A cromatografia de interação hidrofóbica separa proteínas com base em diferenças na hidrofobicidade superficial. As proteínas são carregadas sob condições de alto teor de sal que promovem interações hidrofóbicas com a fase estacionária e eluídas diminuindo a concentração de sal, o que enfraquece o efeito hidrofóbico.

Princípio

Em altas concentrações de sal, as moléculas de água são ordenadas ao redor dos íons de sal (efeito de salting-out), reduzindo a disponibilidade de água para solvatar regiões hidrofóbicas nas superfícies das proteínas. Isso força regiões hidrofóbicas nas proteínas a interagir com ligantes hidrofóbicos imobilizados no meio cromatográfico. À medida que a concentração de sal é reduzida durante a eluição, a água se torna mais disponível, as interações hidrofóbicas enfraquecem e as proteínas eluem em ordem crescente de hidrofobicidade superficial. A ligação depende do tipo e da concentração de sal, sendo sulfato de amônio, sulfato de sódio e NaCl escolhas comuns organizadas na série de Hofmeister de acordo com sua força de salting-out.

Seletividade e Resolução

A seletividade da HIC é ortogonal à cromatografia de troca iônica e à cromatografia de exclusão por tamanho. A resolução depende do tipo de ligante (alquila — butila, octila, fenila), densidade do ligante, inclinação do gradiente de sal e temperatura. Gradientes lineares de 10–20 volumes de coluna tipicamente fornecem a melhor resolução. A eluição em degrau é usada para captura em escala de processo. Ligantes fenila oferecem interações hidrofóbicas e aromáticas, fornecendo seletividade distinta dos ligantes alquila de cadeia linear.

Meios de Coluna

Resinas HIC comuns incluem butil- e octil-Sepharose (GE Healthcare), Phenil e Butil Toyopearl (Tosoh) e suportes HIC Macro-Prep t-Butil e Metil (Bio-Rad). As resinas variam em hidrofobicidade: butil > octil para cadeias alquila em densidade equivalente. Tamanhos de partícula de 30–100 µm equilibram resolução e propriedades de fluxo para trabalho preparativo.
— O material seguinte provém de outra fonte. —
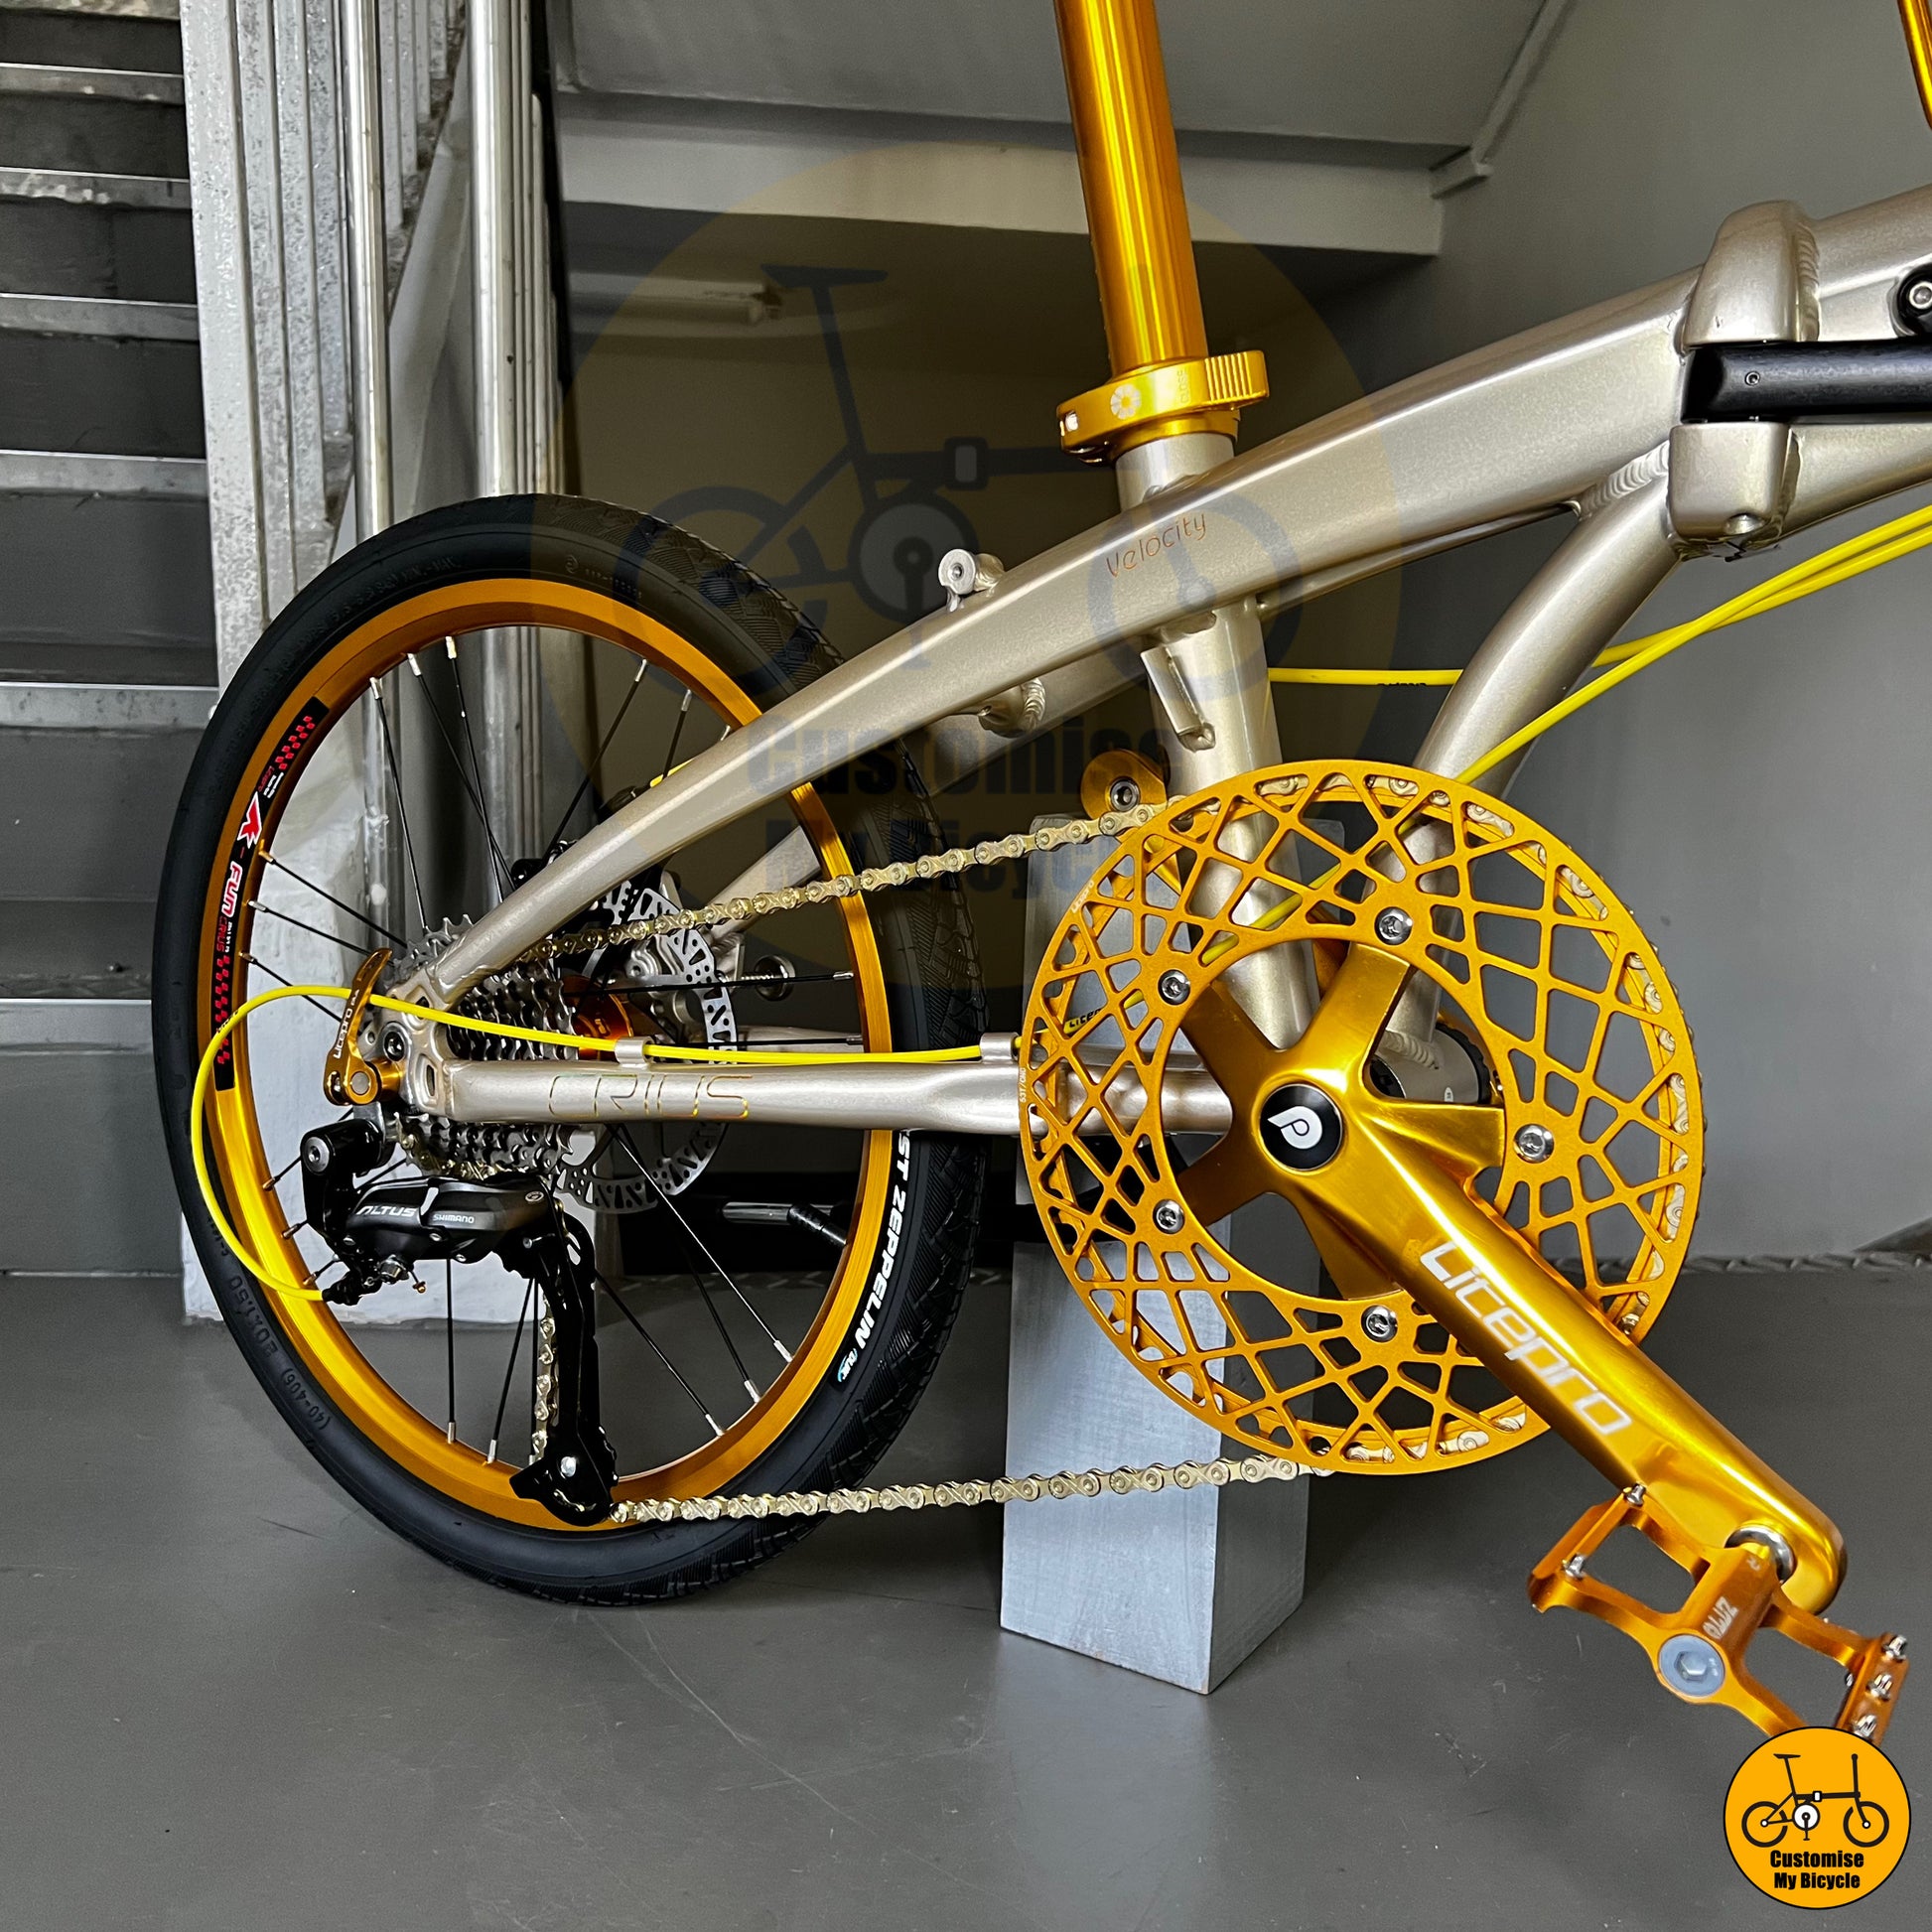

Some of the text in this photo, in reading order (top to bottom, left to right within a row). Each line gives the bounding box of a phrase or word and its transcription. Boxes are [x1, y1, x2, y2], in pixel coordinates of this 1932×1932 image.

Considerações sobre Tampões

Os tampões de carregamento contêm sulfato de amônio 1–2 M ou NaCl 3–4 M. A eluição usa o mesmo tampão sem sal. A redução do pH ou a inclusão de etilenoglicol reduz ainda mais as interações hidrofóbicas para proteínas firmemente ligadas. Detergentes devem ser evitados, pois interferem na ligação hidrofóbica. As amostras são frequentemente ajustadas diretamente adicionando sal sólido ou diluindo com soluções concentradas de sal.

Desenvolvimento de Método

Comece com uma pequena coluna de triagem (1 mL) testando duas ou três químicas de resina em duas concentrações de sal. Carregar 5–10 mg de proteína por mL de resina. Lavar com 5 volumes de coluna de tampão de carregamento. Eluir com um gradiente linear de 10 volumes de coluna até zero de sal. Coletar frações de 1 mL e analisar por SDS-PAGE. Otimizar a inclinação do gradiente para a separação alvo.

Aplicações

A HIC é amplamente utilizada na fabricação biofarmacêutica como uma etapa de purificação intermediária ou polimento. Ela remove efetivamente agregados, isoformas clivadas e proteínas de células hospedeiras após uma etapa de captura como Proteína A ou IMAC. A HIC é particularmente eficaz na remoção de contaminantes hidrofóbicos, incluindo endotoxinas, proteínas ligadas ao DNA e partículas virais. É comumente associada a sistemas de FPLC para execução automatizada de métodos.